Records from a collection
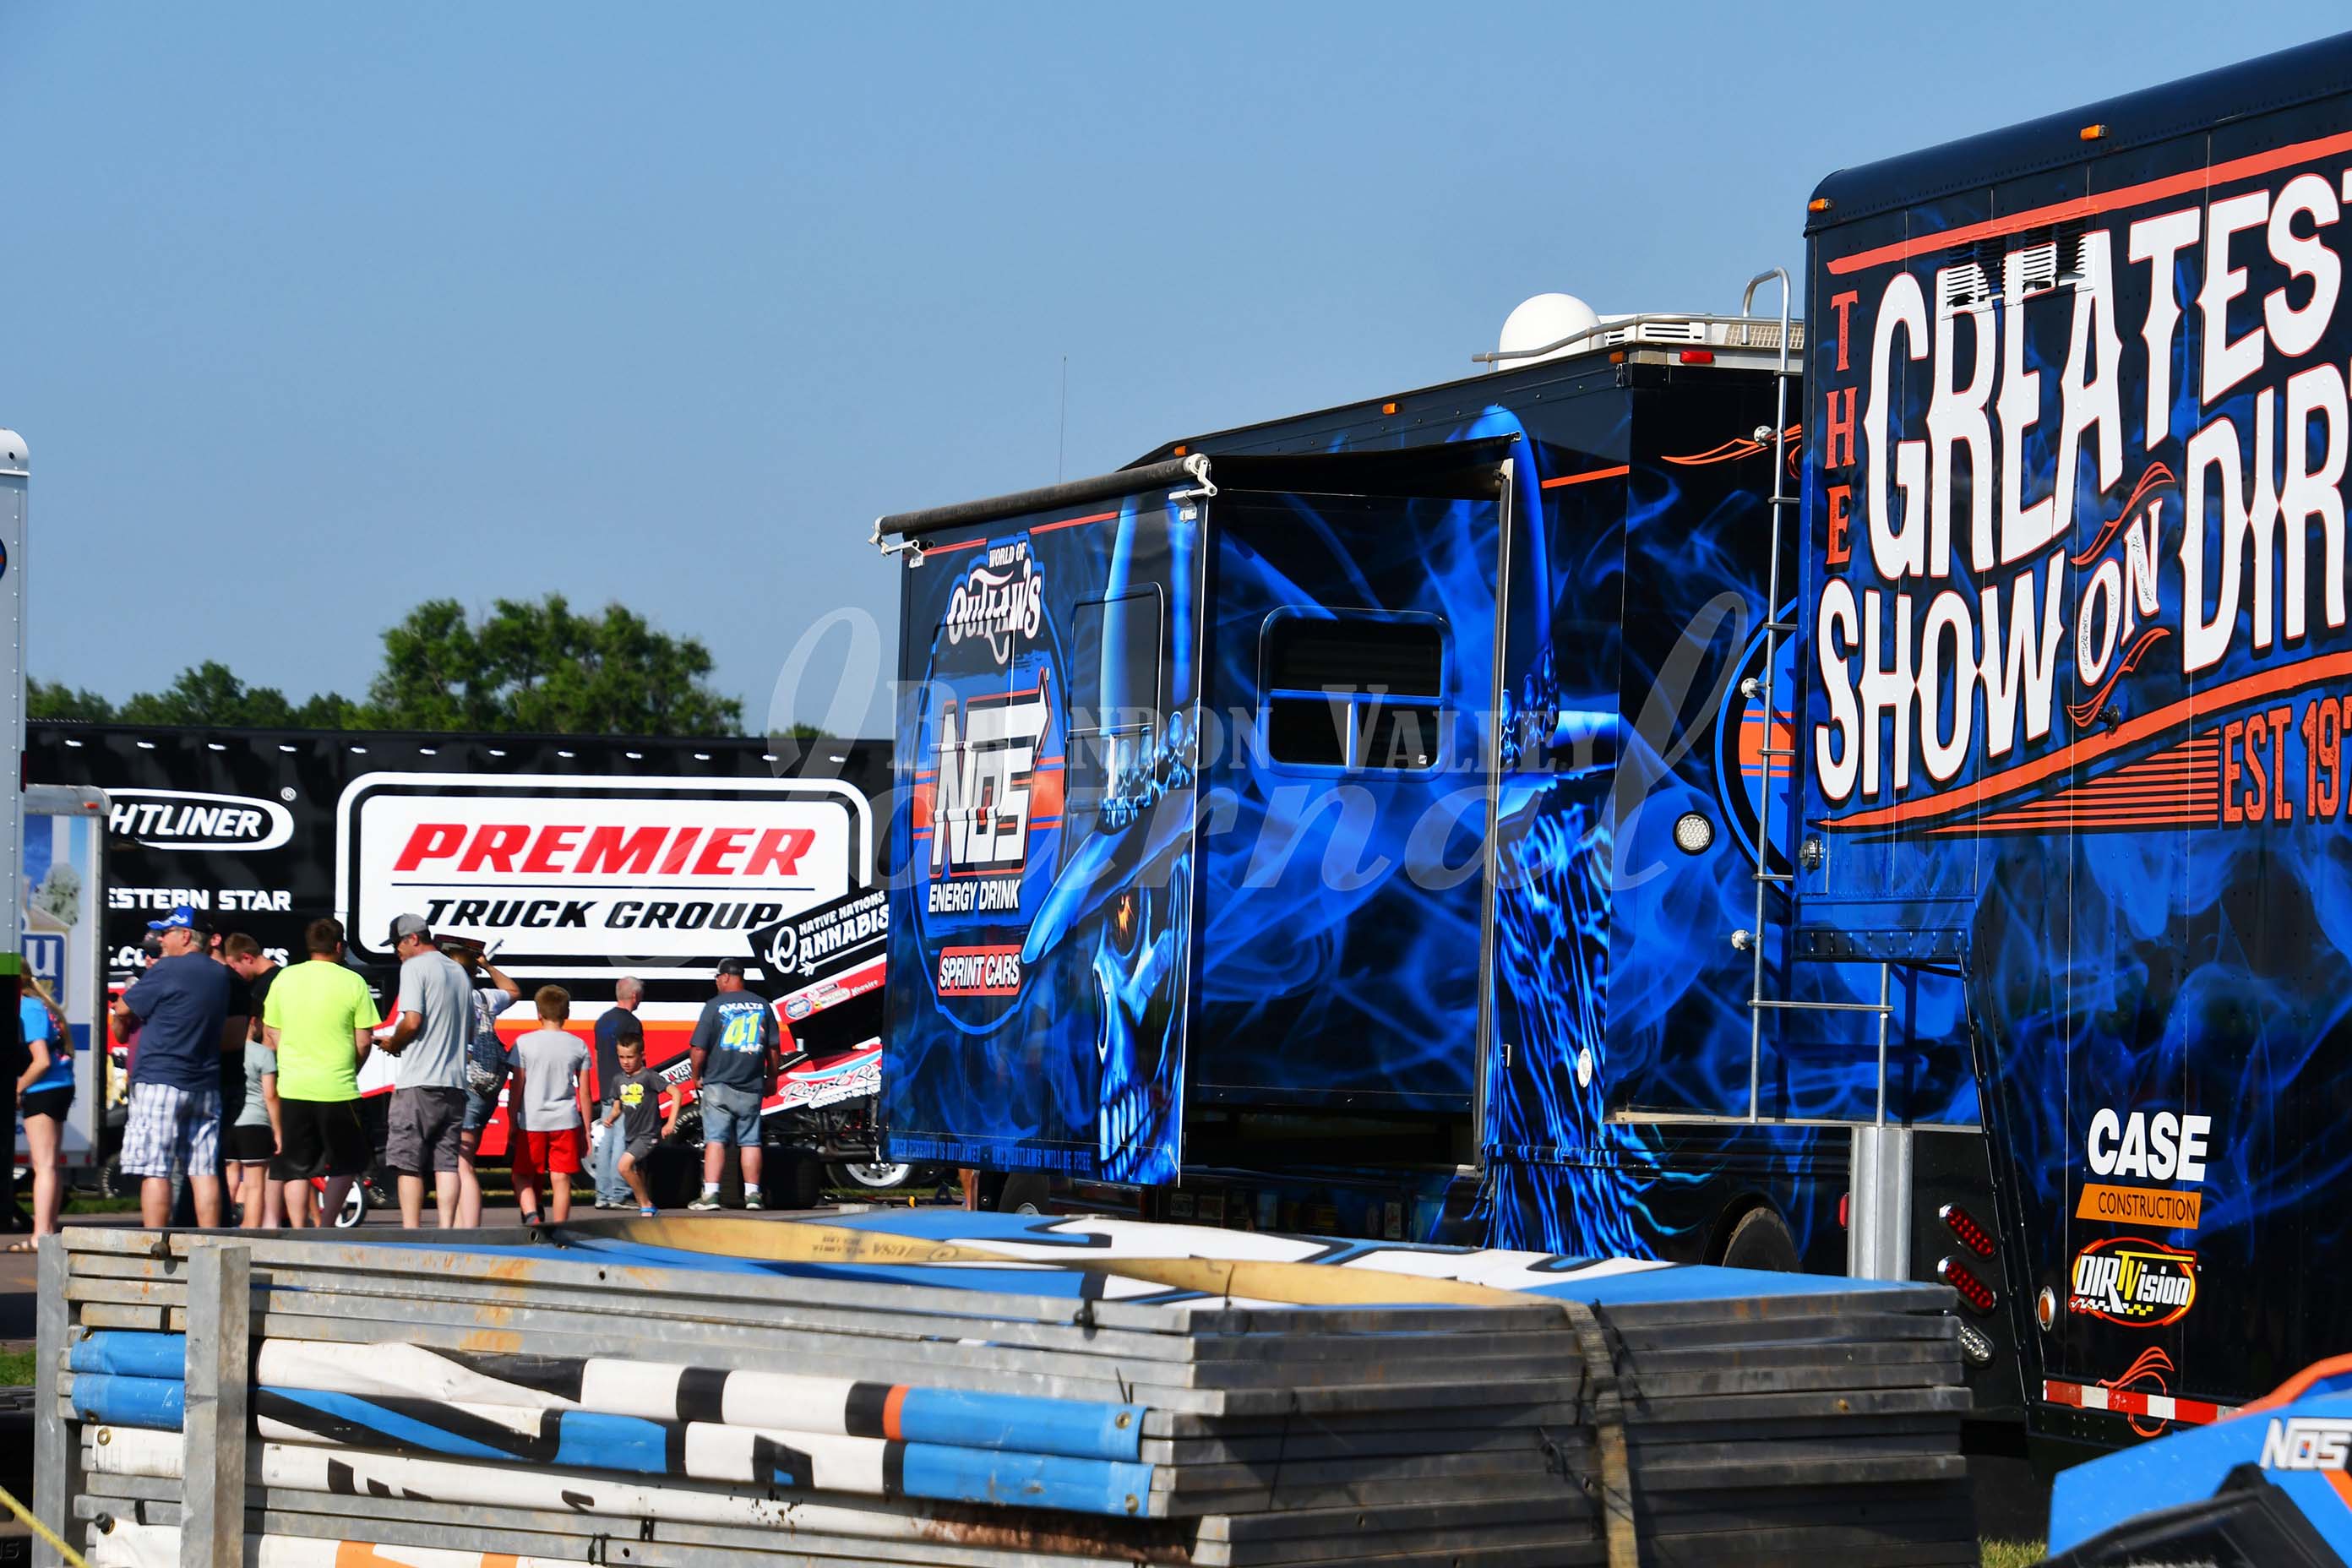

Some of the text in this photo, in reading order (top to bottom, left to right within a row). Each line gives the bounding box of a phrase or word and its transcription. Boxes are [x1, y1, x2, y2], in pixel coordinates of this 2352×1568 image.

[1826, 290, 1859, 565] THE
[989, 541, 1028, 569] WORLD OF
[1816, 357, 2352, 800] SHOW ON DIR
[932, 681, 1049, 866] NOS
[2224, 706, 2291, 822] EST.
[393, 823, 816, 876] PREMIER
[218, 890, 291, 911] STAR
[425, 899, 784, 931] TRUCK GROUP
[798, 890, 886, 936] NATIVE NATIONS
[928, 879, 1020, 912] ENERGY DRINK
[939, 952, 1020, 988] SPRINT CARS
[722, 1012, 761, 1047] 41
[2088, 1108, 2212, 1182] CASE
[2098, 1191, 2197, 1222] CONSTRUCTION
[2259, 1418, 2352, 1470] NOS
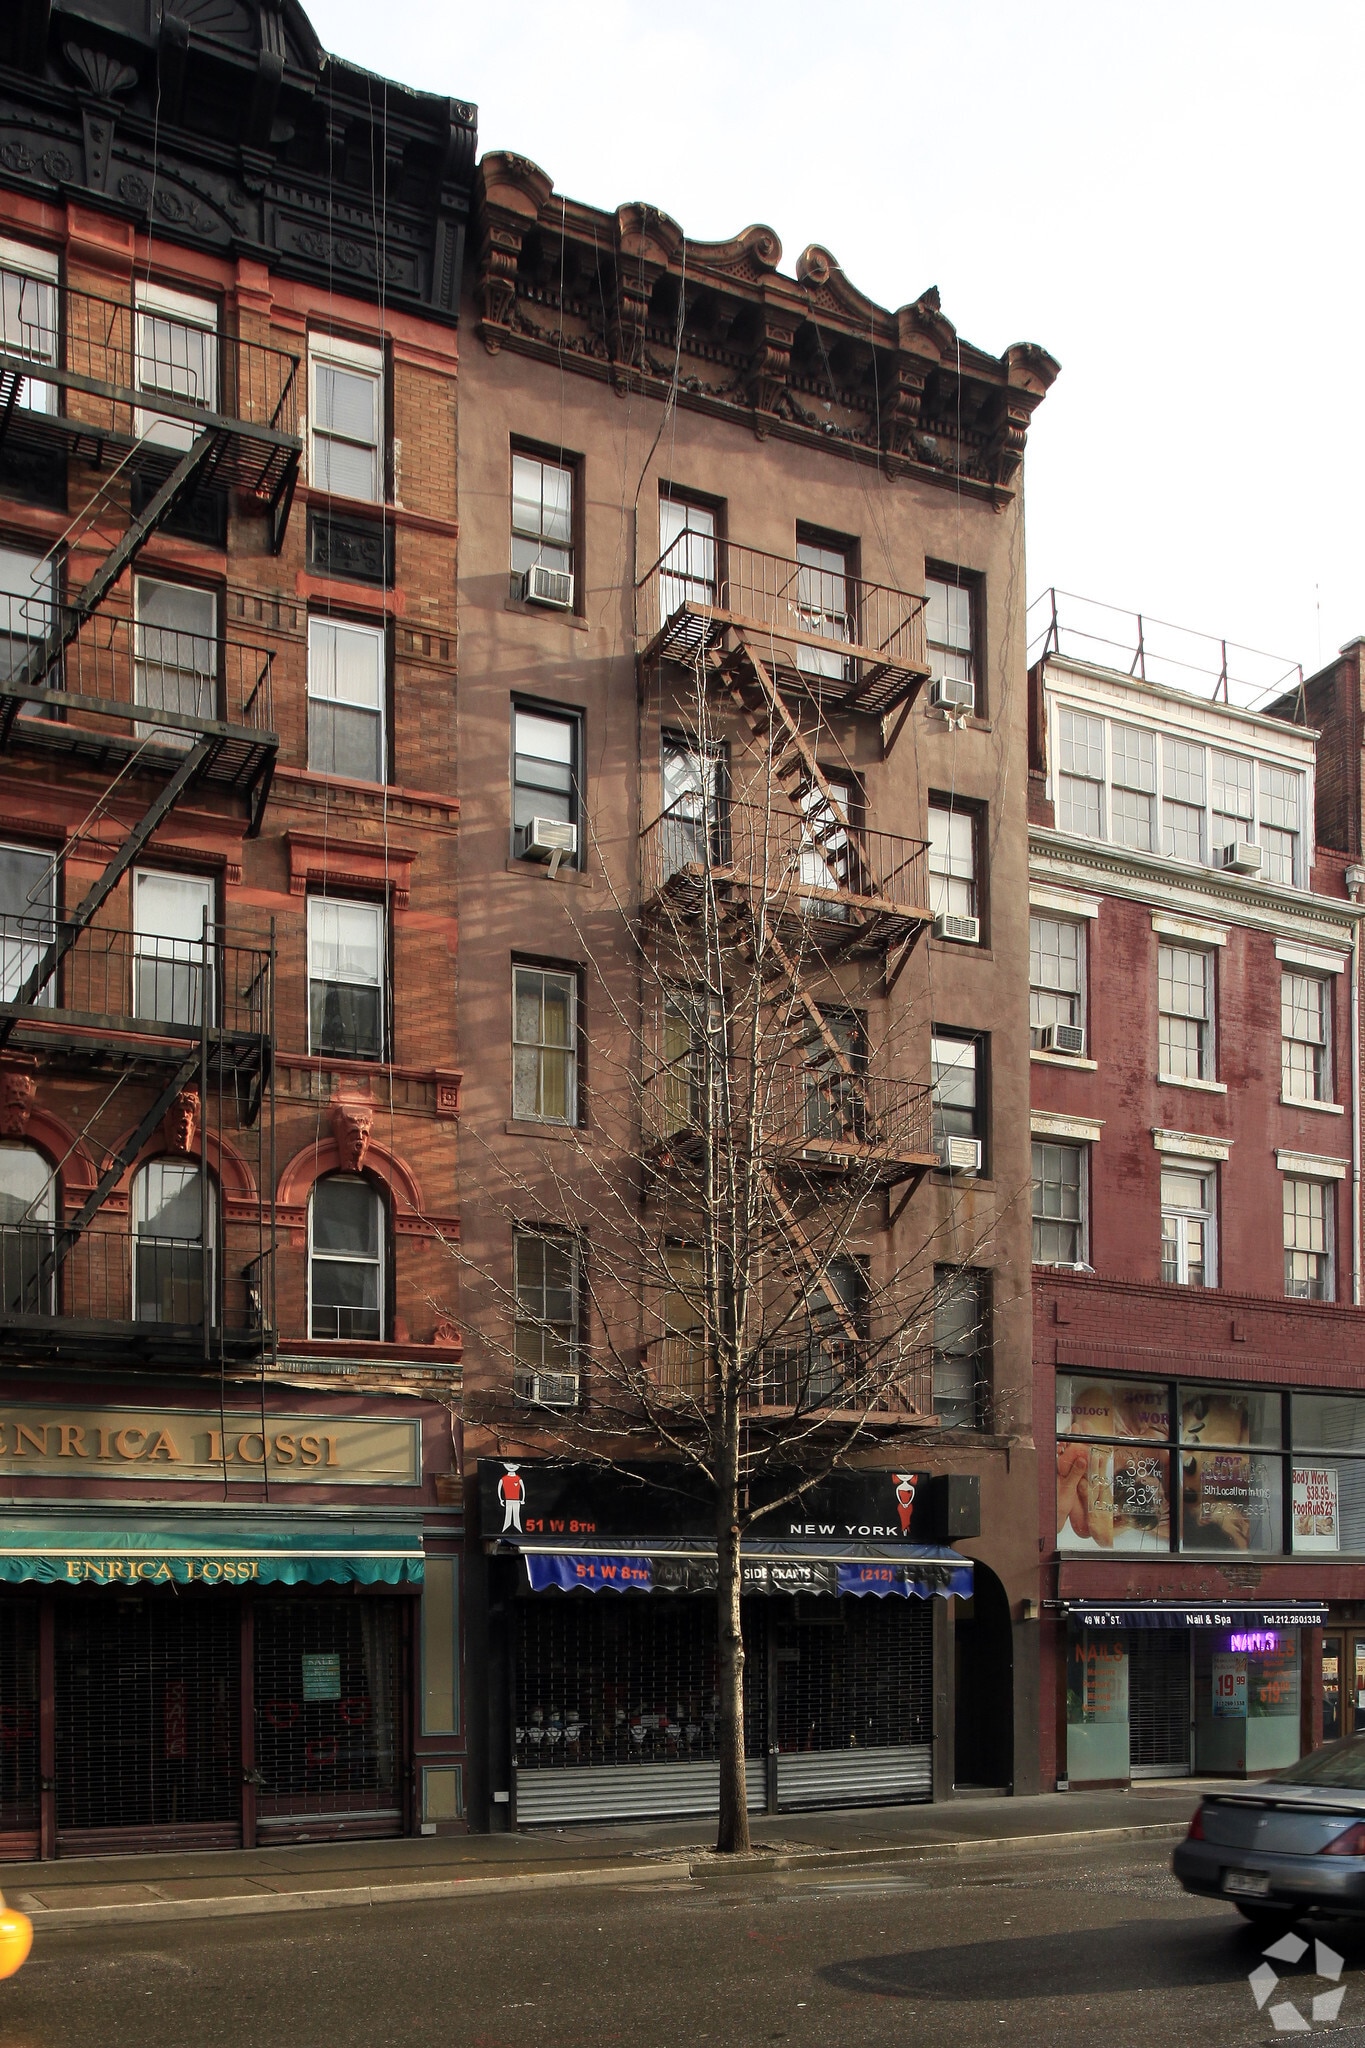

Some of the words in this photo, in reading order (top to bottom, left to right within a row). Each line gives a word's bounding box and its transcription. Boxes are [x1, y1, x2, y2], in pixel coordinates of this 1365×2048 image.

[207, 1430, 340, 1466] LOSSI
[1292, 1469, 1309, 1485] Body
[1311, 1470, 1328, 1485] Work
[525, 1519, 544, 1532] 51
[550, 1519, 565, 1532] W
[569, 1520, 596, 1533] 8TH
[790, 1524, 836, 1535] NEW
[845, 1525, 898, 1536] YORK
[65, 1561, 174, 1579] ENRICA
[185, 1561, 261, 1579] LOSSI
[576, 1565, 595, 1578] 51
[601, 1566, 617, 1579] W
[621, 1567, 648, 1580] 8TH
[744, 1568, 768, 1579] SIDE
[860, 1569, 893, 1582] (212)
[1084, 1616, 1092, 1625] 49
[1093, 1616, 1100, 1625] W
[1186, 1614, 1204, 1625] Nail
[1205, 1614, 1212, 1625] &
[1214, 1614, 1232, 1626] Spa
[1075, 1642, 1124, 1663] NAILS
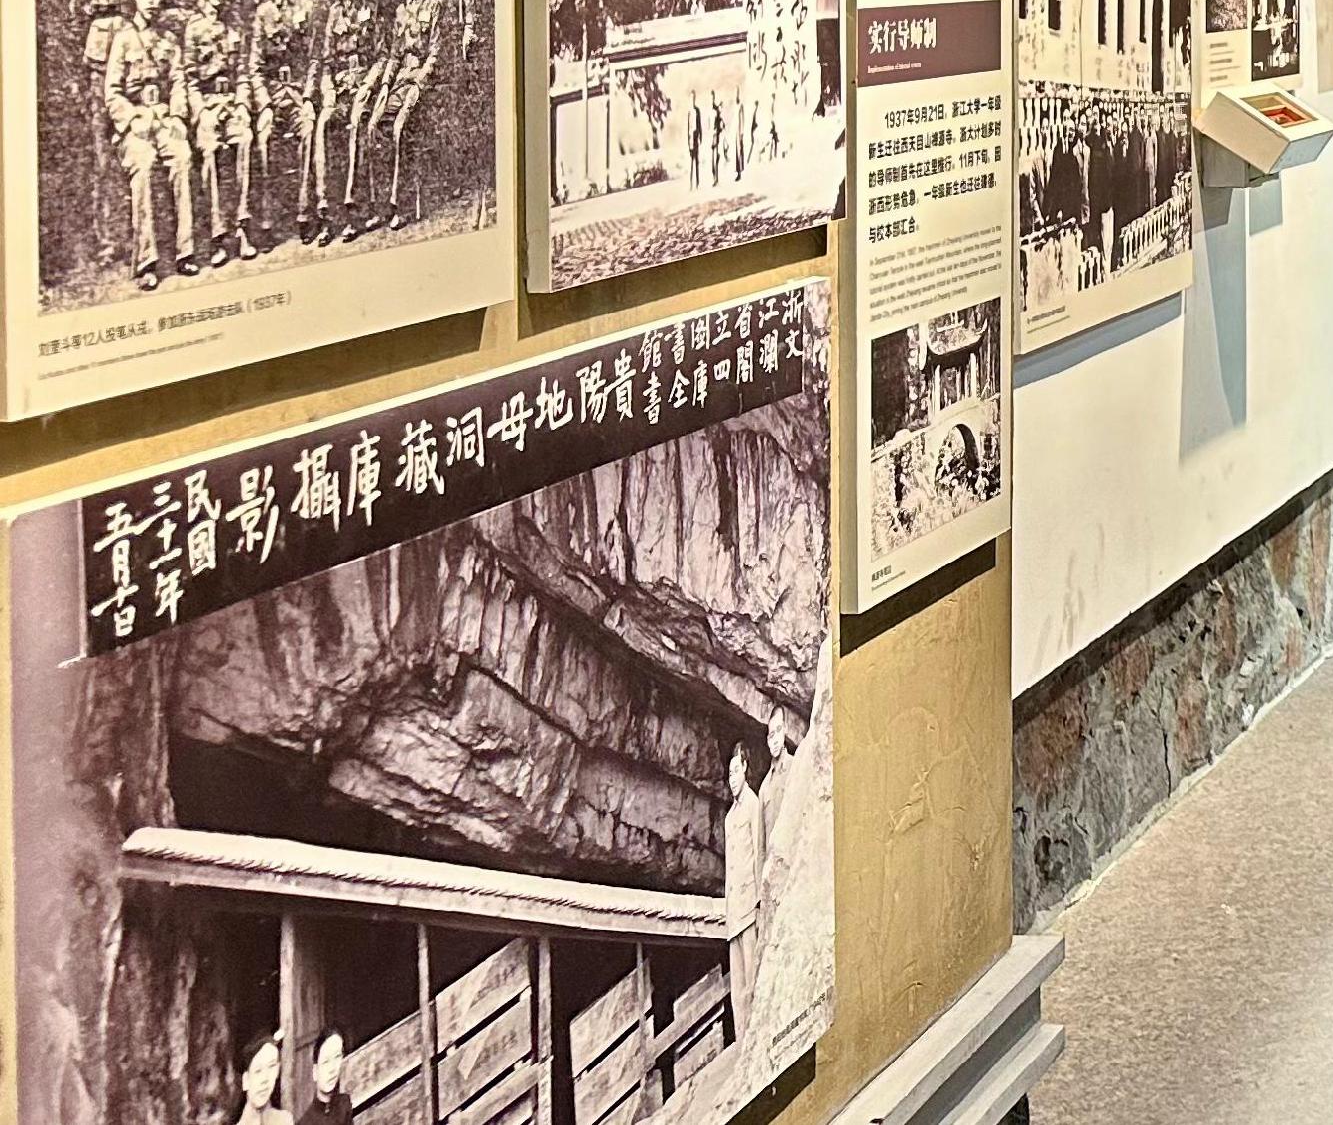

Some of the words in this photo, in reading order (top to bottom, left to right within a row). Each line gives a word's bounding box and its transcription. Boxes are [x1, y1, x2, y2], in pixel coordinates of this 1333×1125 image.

_EXERCISE GOAL:_ Drop the images; copy every entry above exactly.

_ANSWER BOX:_
Some of the text in this photo, in reading order (top to bottom, left to right within a row). Each line gives the bounding box of a phrase or word and its transcription. Boxes are [x1, y1, x2, y2], in pixel coordinates of this 2352×1568 image.

[1826, 290, 1859, 565] THE
[989, 541, 1028, 569] WORLD OF
[1816, 357, 2352, 800] SHOW ON DIR
[932, 681, 1049, 866] NOS
[2224, 706, 2291, 822] EST.
[393, 823, 816, 876] PREMIER
[218, 890, 291, 911] STAR
[425, 899, 784, 931] TRUCK GROUP
[798, 890, 886, 936] NATIVE NATIONS
[928, 879, 1020, 912] ENERGY DRINK
[939, 952, 1020, 988] SPRINT CARS
[722, 1012, 761, 1047] 41
[2088, 1108, 2212, 1182] CASE
[2098, 1191, 2197, 1222] CONSTRUCTION
[2259, 1418, 2352, 1470] NOS

Some of the words in this photo, in reading order (top to bottom, left to right within a row). Each line gives a word's bounding box and its transcription. Boxes are [x1, y1, x2, y2], in pixel coordinates of this 1365×2048 image.

[207, 1430, 340, 1466] LOSSI
[1292, 1469, 1309, 1485] Body
[1311, 1470, 1328, 1485] Work
[525, 1519, 544, 1532] 51
[550, 1519, 565, 1532] W
[569, 1520, 596, 1533] 8TH
[790, 1524, 836, 1535] NEW
[845, 1525, 898, 1536] YORK
[65, 1561, 174, 1579] ENRICA
[185, 1561, 261, 1579] LOSSI
[576, 1565, 595, 1578] 51
[601, 1566, 617, 1579] W
[621, 1567, 648, 1580] 8TH
[744, 1568, 768, 1579] SIDE
[860, 1569, 893, 1582] (212)
[1084, 1616, 1092, 1625] 49
[1093, 1616, 1100, 1625] W
[1186, 1614, 1204, 1625] Nail
[1205, 1614, 1212, 1625] &
[1214, 1614, 1232, 1626] Spa
[1075, 1642, 1124, 1663] NAILS

Some of the words in this photo, in reading order (top to bottom, left to right within a row). Each line gives a word's bounding box and its transcription. Boxes are [x1, y1, x2, y2], in pixel coordinates of this 1333×1125 image.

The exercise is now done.